The term opioid refers to any drug that is active at the opioid receptor, while opiates refers to naturally occurring derivatives of the opium plant, such as morphine. Narcotic is a legal term and generically refers to any drug that causes sedation. Emergency physicians commonly utilize opioids as analgesics and must be familiar with the clinical presentation and treatment of opioid toxicity.

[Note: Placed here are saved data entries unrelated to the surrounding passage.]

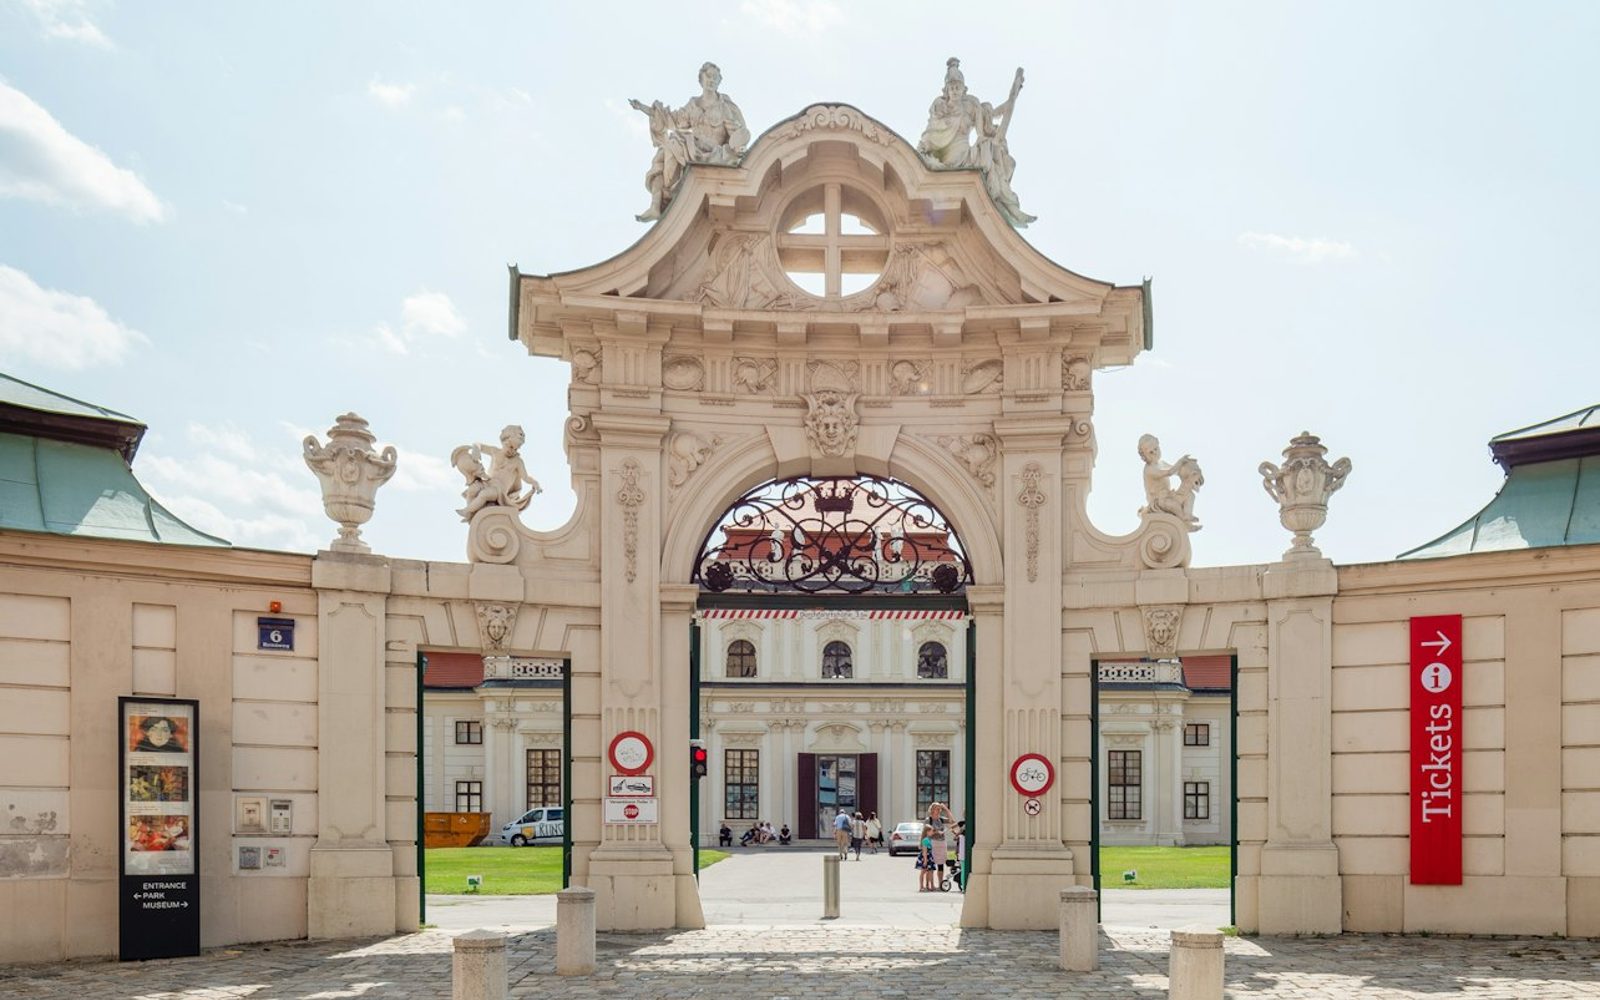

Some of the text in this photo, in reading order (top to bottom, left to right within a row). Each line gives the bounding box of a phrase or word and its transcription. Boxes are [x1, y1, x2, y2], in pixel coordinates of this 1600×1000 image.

[270, 630, 283, 643] 6
[1421, 703, 1453, 823] Tickets
[142, 881, 187, 890] ENTRANCE
[142, 892, 166, 900] PARK
[142, 901, 180, 909] MUSEUM
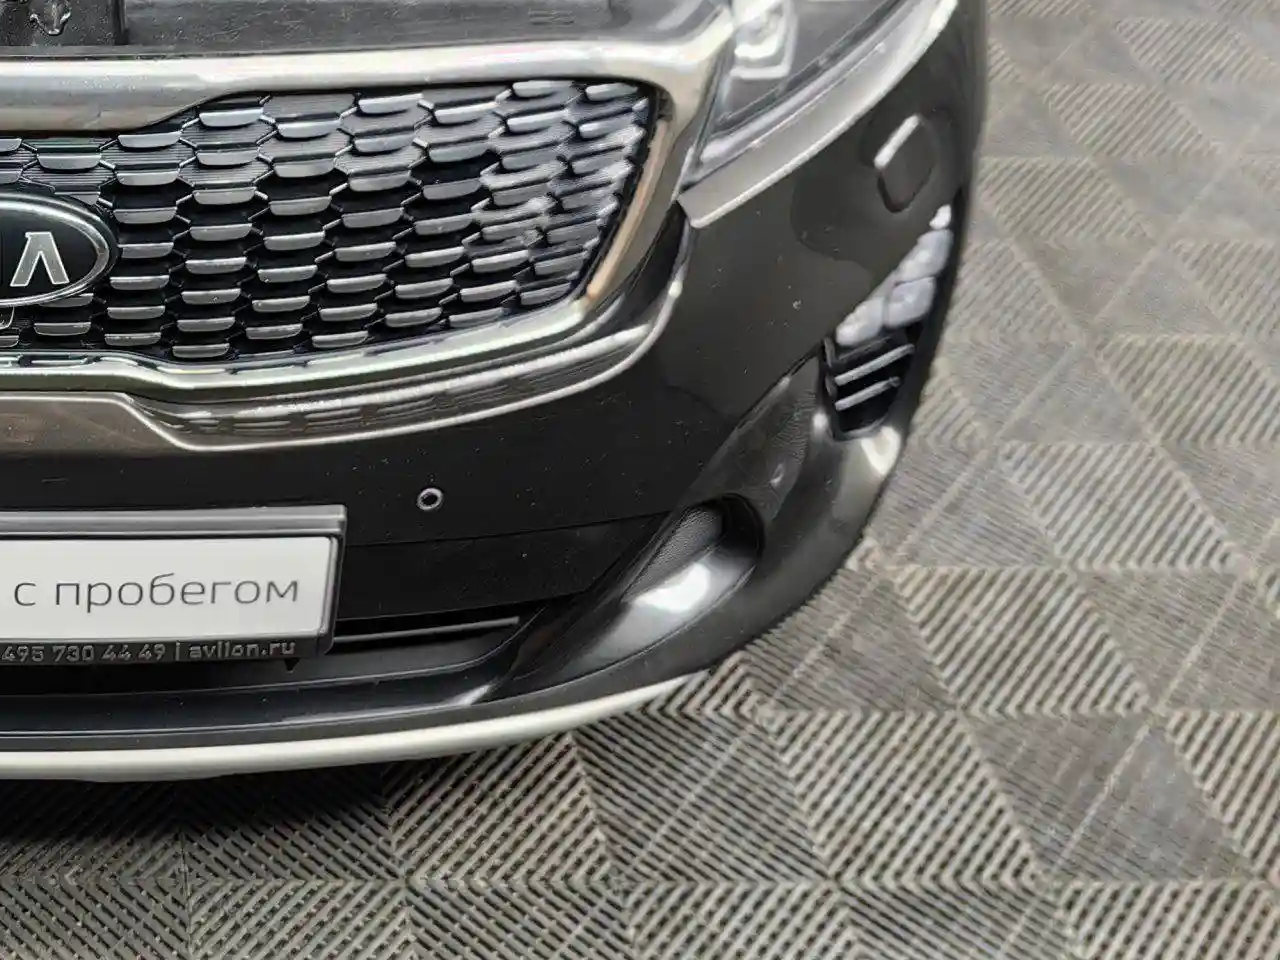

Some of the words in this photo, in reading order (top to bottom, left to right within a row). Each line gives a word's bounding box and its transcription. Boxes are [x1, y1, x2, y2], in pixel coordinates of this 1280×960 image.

[14, 581, 37, 607] с
[55, 572, 300, 614] пробегом
[1, 645, 45, 663] 495
[52, 644, 95, 663] 730
[101, 644, 132, 661] 44
[137, 642, 166, 660] 49
[189, 640, 297, 658] avilon.ru
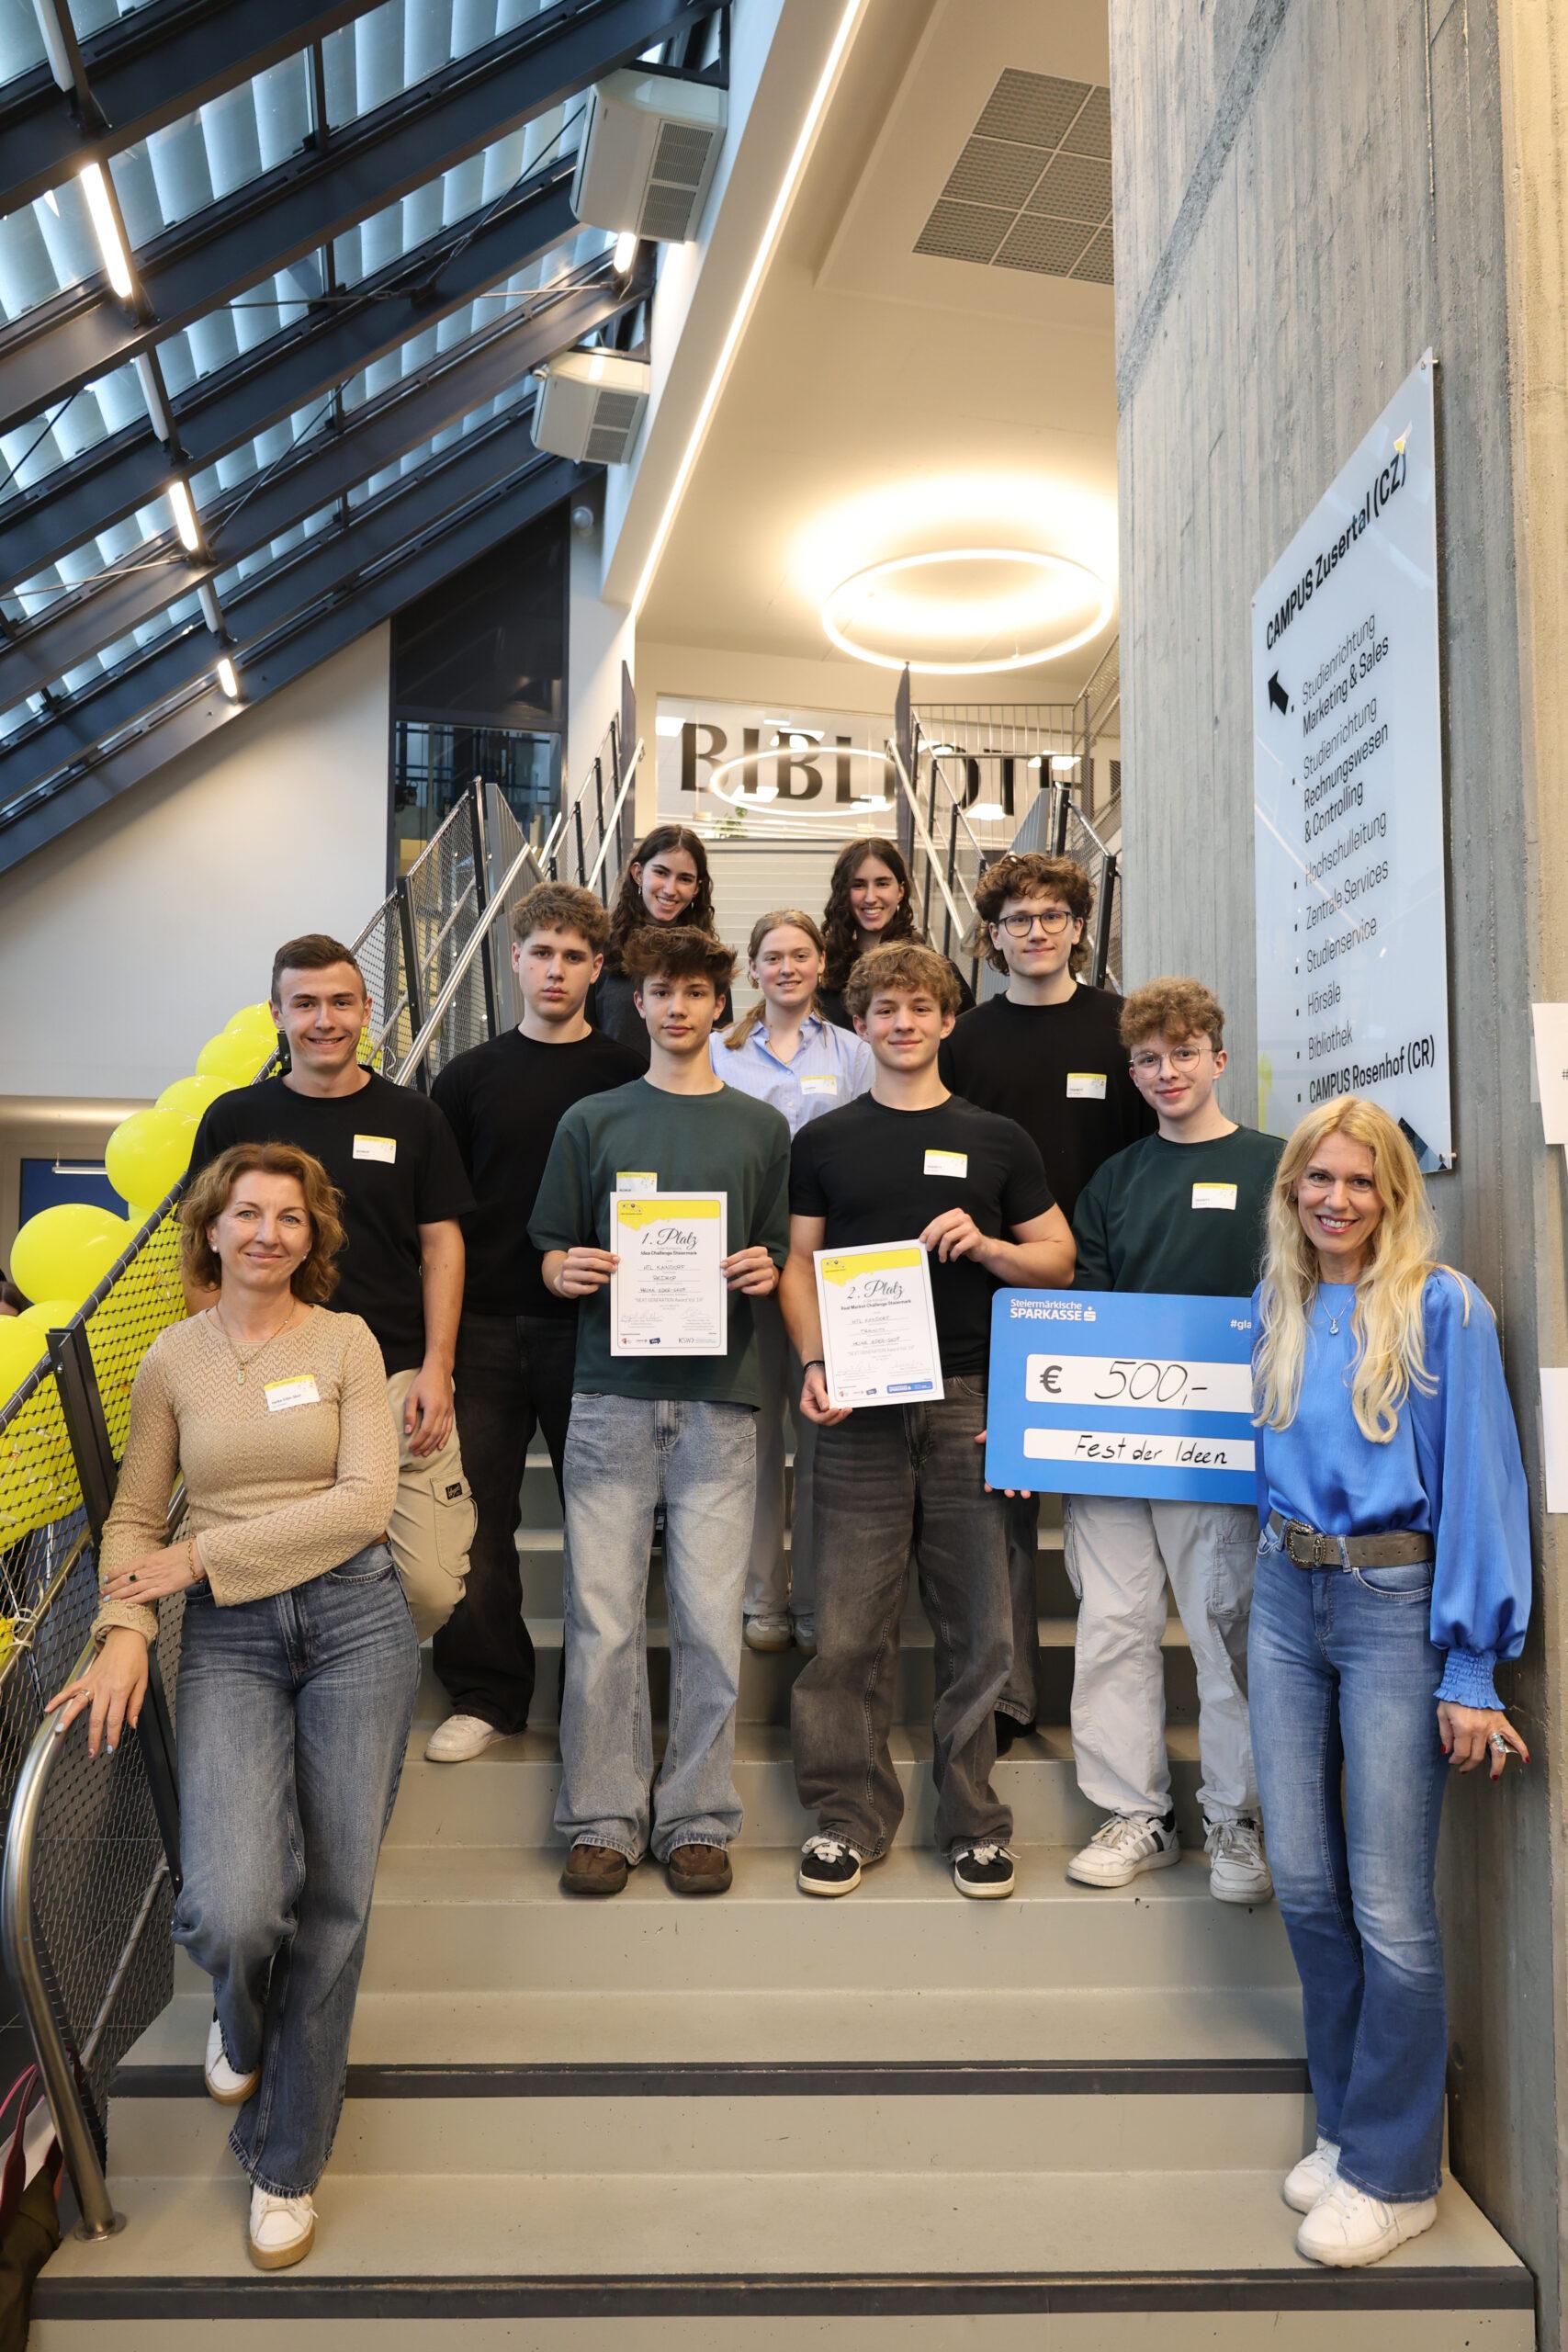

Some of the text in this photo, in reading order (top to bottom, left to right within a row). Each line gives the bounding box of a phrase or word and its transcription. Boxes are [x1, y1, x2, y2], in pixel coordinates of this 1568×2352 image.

[1266, 452, 1407, 650] CAMPUS Zusertal (CZ)
[1303, 614, 1375, 706] Studienrichtung
[1303, 636, 1389, 738] Marketing & Sales
[1303, 696, 1377, 780] Studienrichtung
[1304, 723, 1389, 812] Rechnungswesen
[1313, 781, 1364, 838] Controlling
[1305, 811, 1387, 887] Hochschulleitung
[1306, 860, 1389, 931] Zentrale Services
[1306, 917, 1377, 973] Studienservice
[1308, 981, 1341, 1017] Hörsäle
[1308, 1020, 1353, 1060] Bibliothek
[1309, 1035, 1435, 1103] CAMPUS Rosenhof (CR)
[657, 1227, 697, 1250] Platz
[863, 1279, 904, 1300] Platz
[1010, 1298, 1082, 1310] Steiermärkische
[1010, 1307, 1082, 1321] SPARKASSE
[1039, 1364, 1063, 1394] €
[1074, 1434, 1228, 1464] Fest der Ideen
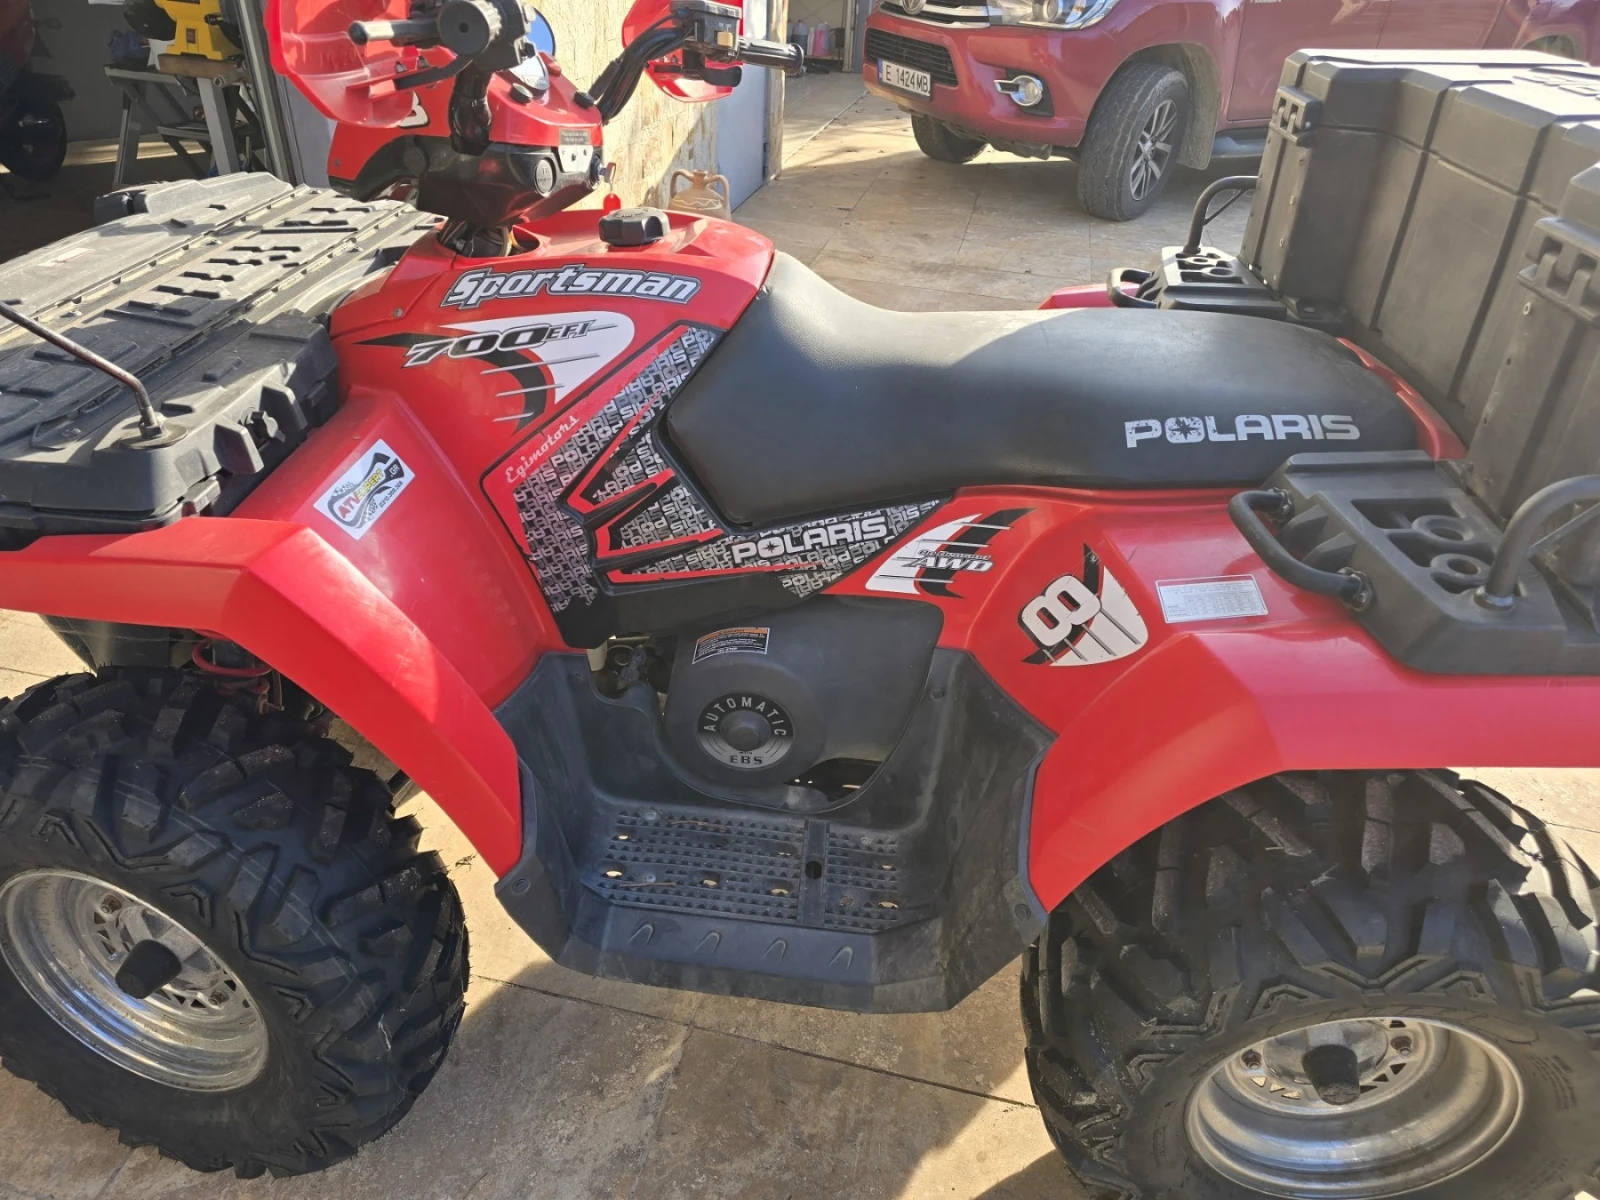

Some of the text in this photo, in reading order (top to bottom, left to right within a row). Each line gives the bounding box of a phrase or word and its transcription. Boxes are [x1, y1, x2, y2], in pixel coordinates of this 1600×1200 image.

[885, 64, 892, 82] E
[441, 264, 700, 309] Sportsman
[505, 415, 579, 484] Egimotors
[1124, 414, 1360, 448] POLARIS
[731, 516, 888, 565] POLARIS
[908, 556, 994, 573] AWD
[1019, 573, 1102, 647] 8
[703, 696, 787, 736] AUTOMATIC
[729, 753, 763, 765] EBS

Opioid overdose produces a clinical toxidrome: miosis, and central nervous system (CNS) and respiratory depression. However, normal or large pupils may be seen with diphenoxylate, meperidine, pentazocine, and propoxyphene toxicities. Severe hypoxia or co-ingestants could also produce mydriasis. Severe opioid overdose, especially with heroin, may be associated with acute lung injury. Seizures have been reported with tramadol, propoxyphene, and meperidine overdoses. Meperidine, tramadol, and dextromethorphan have been associated with serotonin syndrome when combined with other serotonergic agents. Methadone may prolong the QT interval and result in torsade de pointes. Opioid withdrawal is manifest by abdominal pain, nausea, vomiting, diarrhea, dysphoria, piloerection, and lacrimation.
Diagnosis and Differential
The diagnosis is clinical. Qualitative immunoassay urine drug screens are commonly available but must be interpreted with caution as there are numerous agents that produce false-positive and false-negative results for opioids. Toxicity from clonidine, guanfacine, and imidazolines mimics opioid intoxication and produces varying degrees of miosis and CNS/respiratory depression. Because response to naloxone with these agents is less reliable, consider clonidine intoxication in patients who appear opioid poisoned but do not respond to naloxone. Other possible causes of CNS depression and miosis include pontine hemorrhage and toxicity from organophosphates/carbamates, antipsychotics, and sedative-hypnotics (i.e., GHB).
Emergency Department Care and Disposition
Naloxone is the primary treatment for opioid toxicity. Administer a small dose of 0.1 to 0.4 mg IV, SC, or IM initially for CNS and respiratory depression to avoid precipitating withdrawal. Larger doses of 2 mg could be used in apneic patients. Repeat doses may be administered every 3 minutes. The pediatric dose is 0.1 mg/kg. Given the relatively short duration of action of naloxone, monitor closely for recurrent toxicity.
In large overdoses, consider an infusion of naloxone: two-thirds of the dose required to initially “wake up” the patient per hour.
Consider endotracheal intubation in patients who respond poorly to naloxone and those with acute lung injury from overdose.
Patients with heroin overdose who are awake and asymptomatic 2 hours after the last naloxone dose can be discharged. Patients with immediate-acting opioid exposures require observation for at least 6 hours, or 6 hours following naloxone administration if given. Patients with exposure to long-acting opioids (sustained release morphine/oxycodone, methadone, and buprenorphine) require admission for prolonged observation.
Treatment of opioid withdrawal is supportive (i.e., fluids, antiemetics). Clonidine 0.1 to 0.3 mg PO may be used to treat withdrawal.